In our last post, we looked at the IPMI SEL and how you can use that to gather events recorded by the hardware. In this installment, we'll take a look at a different sub-system – storage. In particular, we'll look at internal RAID card support so you can see the health of your RAID volumes and detect when disk drives fail.

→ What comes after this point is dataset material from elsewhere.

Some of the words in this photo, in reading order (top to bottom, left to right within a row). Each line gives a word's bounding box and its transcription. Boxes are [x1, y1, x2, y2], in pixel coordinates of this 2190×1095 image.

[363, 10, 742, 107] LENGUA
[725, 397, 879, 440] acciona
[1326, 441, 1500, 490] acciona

At present, there are a few different RAID cards that are instrumented via the CIM code available from VMware and our partners, and that list will continue to grow over time. Starting in version 3.5, VMware developed a rudimentary CIM provider for LSI MegaRAID and IR cards that implements a small portion of the SNIA SMI-S Host Hardware RAID Controller Profile. The intention of this implementation was simply to report the health of the RAID volumes on the system and very basic configuration information, so users can take preventative action should a drive or component fail, before actual data loss occurs. Subsequent to 3.5, LSI developed their own implementation of the HHRC profile, which expands on the capabilities to include the ability to create RAID volumes, and perform other operations on the card. HP has also implemented an HHRC provider for their Smart Array internal RAID controllers. In this post, we'll focus on the basic read-only aspects for now, and we'll come back to some of the advanced capabilities of the LSI provider in a later post.

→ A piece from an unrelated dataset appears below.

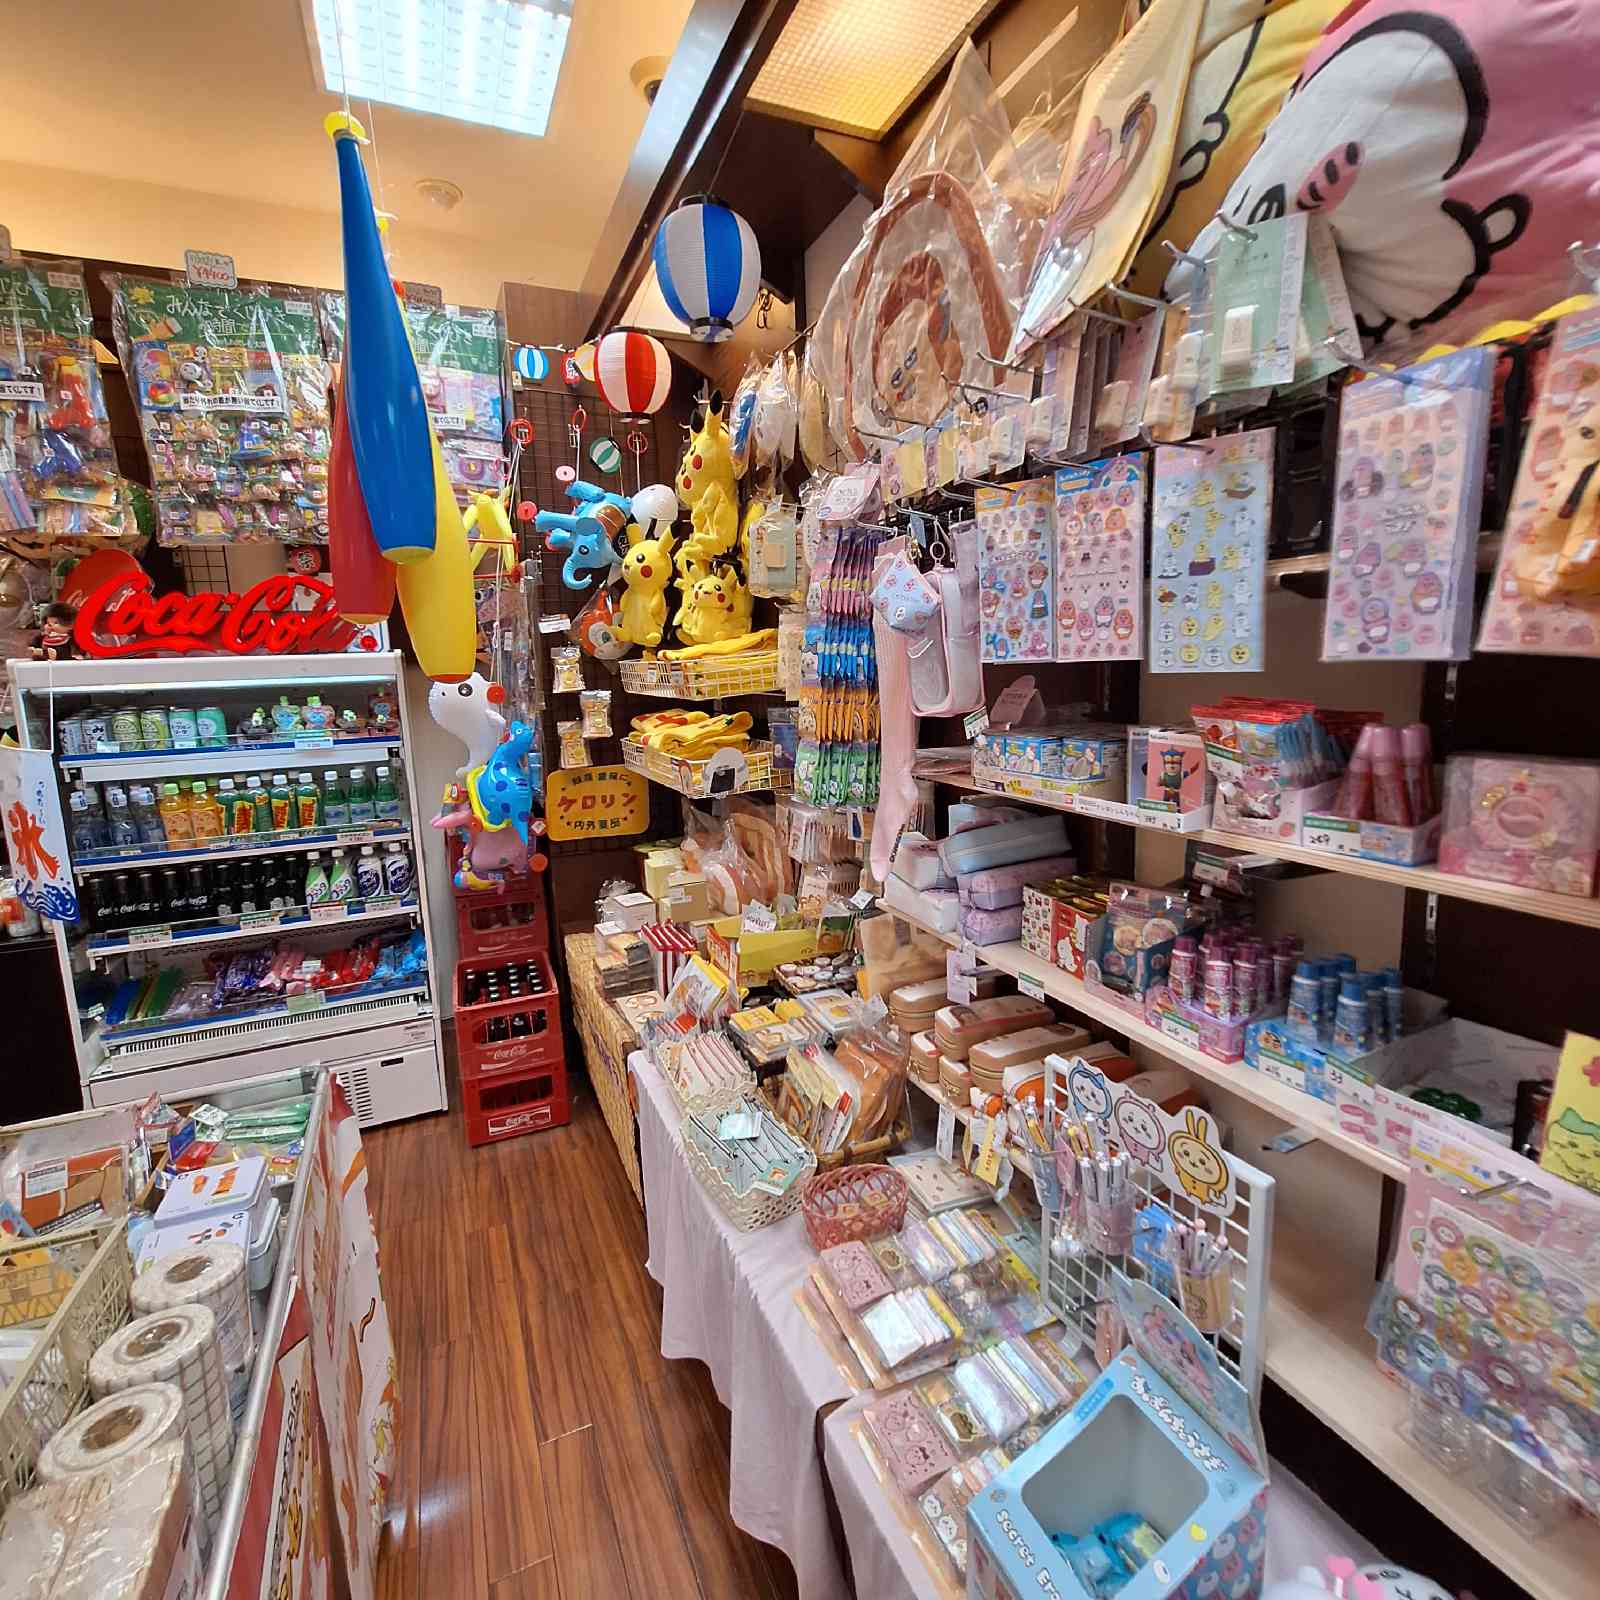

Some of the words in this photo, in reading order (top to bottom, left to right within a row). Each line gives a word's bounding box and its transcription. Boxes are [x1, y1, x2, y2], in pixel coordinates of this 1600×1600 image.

[557, 792, 640, 813] ケロリン
[8, 800, 60, 881] 氷
[995, 1510, 1036, 1568] Secret

Before we dive into code, and look at the results on a few different systems, we need to talk a little about another CIM concept called "namespace." In CIM, the classes and instances you access exist within a namespace. There are two "well known" namespaces called "root/interop" and "root/cimv2" where the former is used to advertise profiles (we'll touch on that in more detail in a later post) along with other core infrastructure information, and the latter is the default implementation for the system. In VMware's case, our primary implementations exist in root/cimv2, and if you look back at the prior examples, they all hard-coded that namespace. When another vendor adds new functionality to the system, they typically place that implementation into a different namespace so there isn't any collision with the core system instrumentation. There's an easy way to discover all the namespaces on the system. Just query for the CIM_Namespace class in the root/interop namespace. Here's a short excerpt of code that does that:
def getNamespaces(server, username, password):
client = pywbem.WBEMConnection('https://'+server <https://%27+server> ,
(username, password),
'root/interop')
list = client.EnumerateInstances('CIM_Namespace', PropertyList=['Name'])

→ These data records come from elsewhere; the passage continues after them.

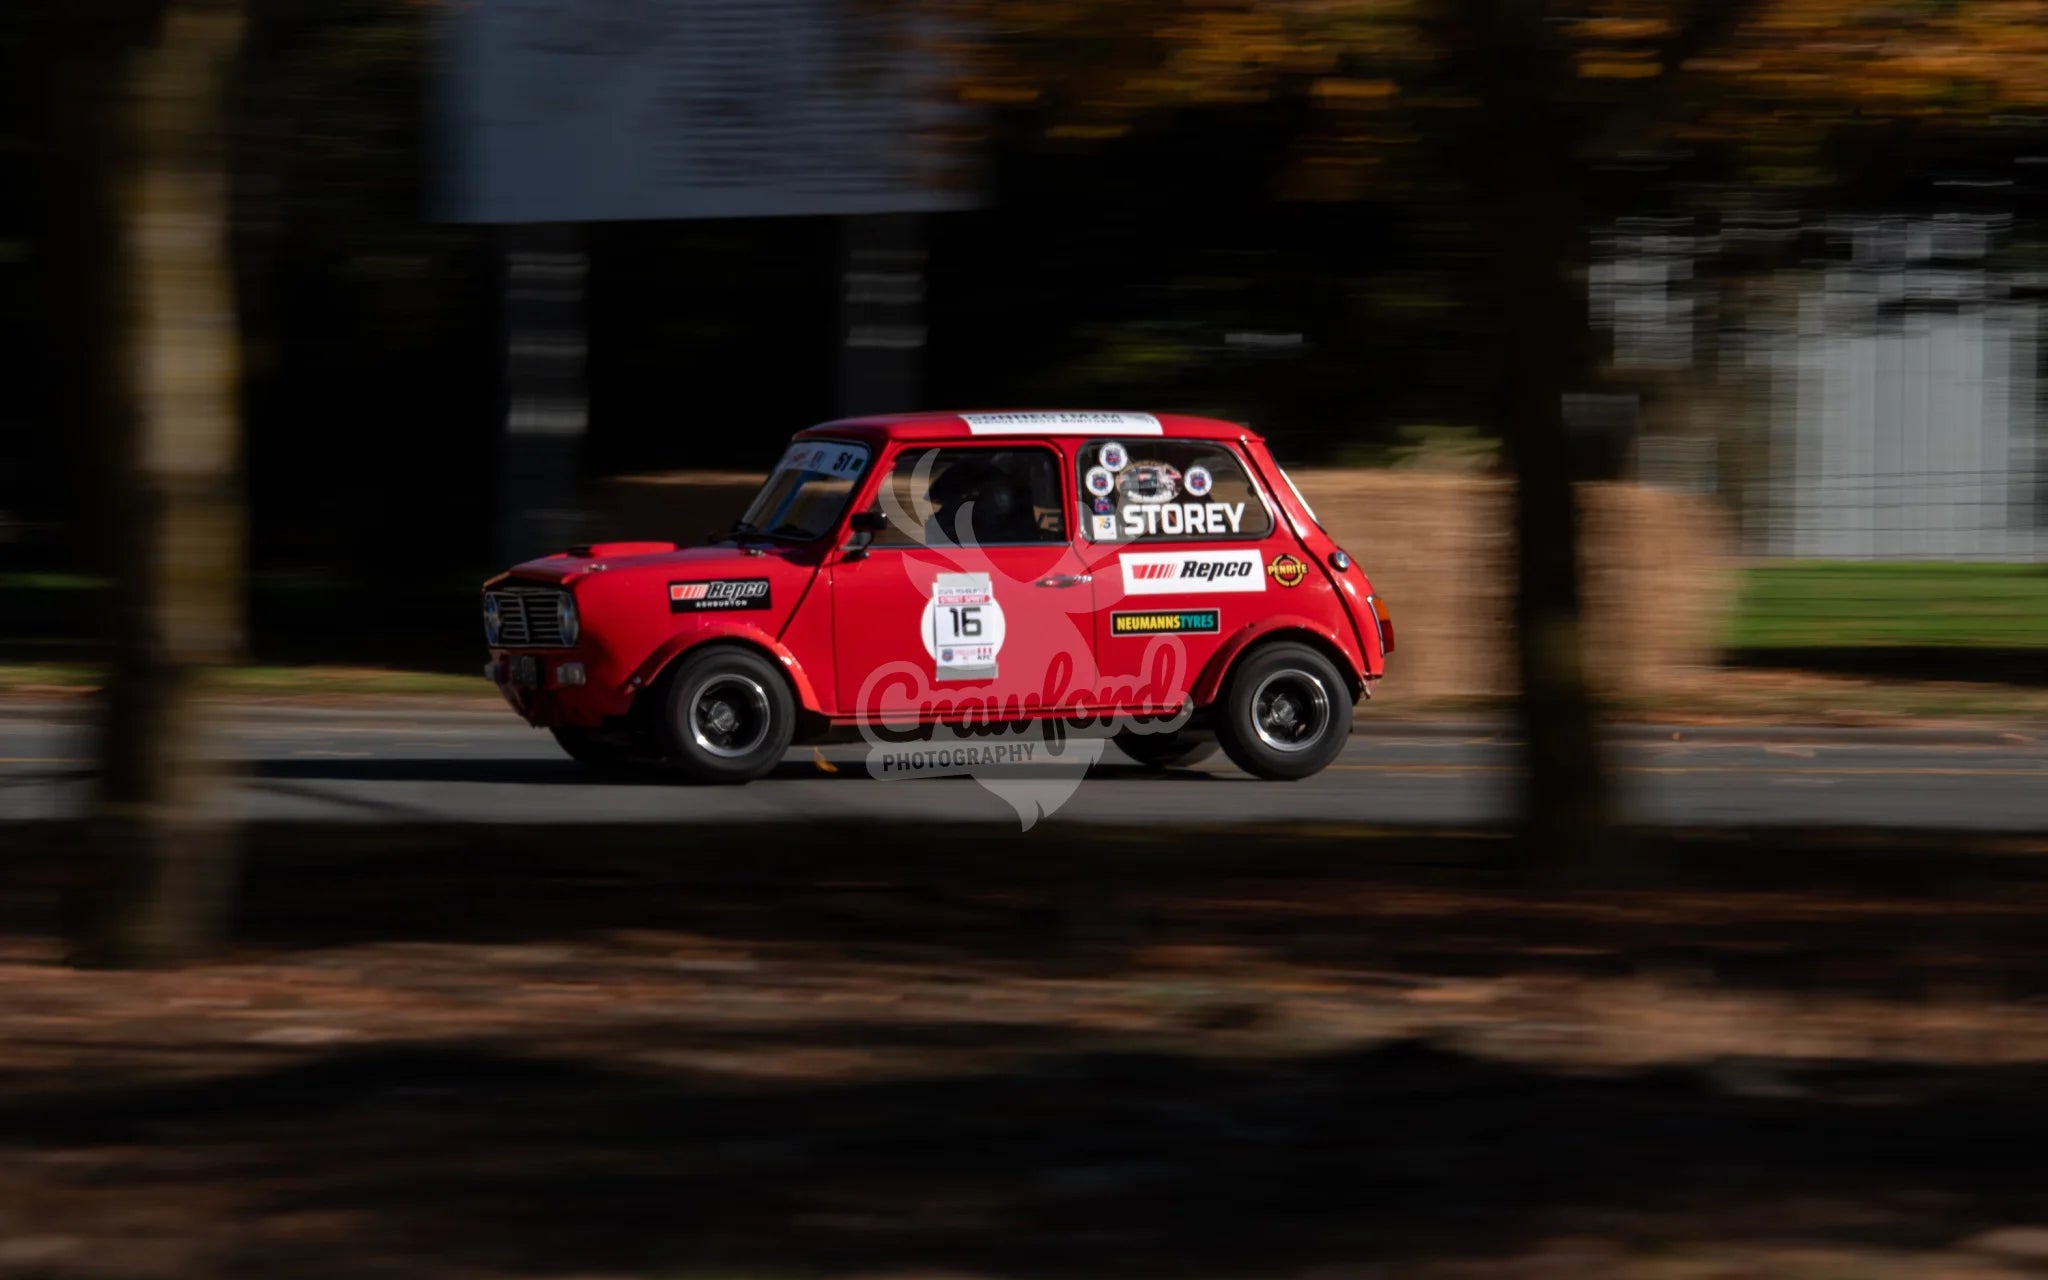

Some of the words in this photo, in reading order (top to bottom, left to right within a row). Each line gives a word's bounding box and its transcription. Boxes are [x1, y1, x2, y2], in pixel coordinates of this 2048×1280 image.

[1122, 503, 1245, 535] STOREY
[1180, 560, 1253, 582] Repco
[1267, 563, 1308, 576] PENRITE
[707, 581, 769, 601] Repco
[695, 600, 748, 608] ASHBURTON
[949, 607, 982, 637] 16

return set(map(lambda x: x['Name'], list))
One little trick we're using in the above code is an optional parameter to EnumerateInstances called "PropertyList" which allows you to filter the properties in the results to speed things up. Since we know we only care about the Name property, we can skip all the other properties so they don't have to be sent over the network. Now if you run this on a ESXi 4.0 system, you might see something like the following: (output will vary depending on what add-on VIBs you've installed on your system.)
>>> getNamespaces(server, username, password)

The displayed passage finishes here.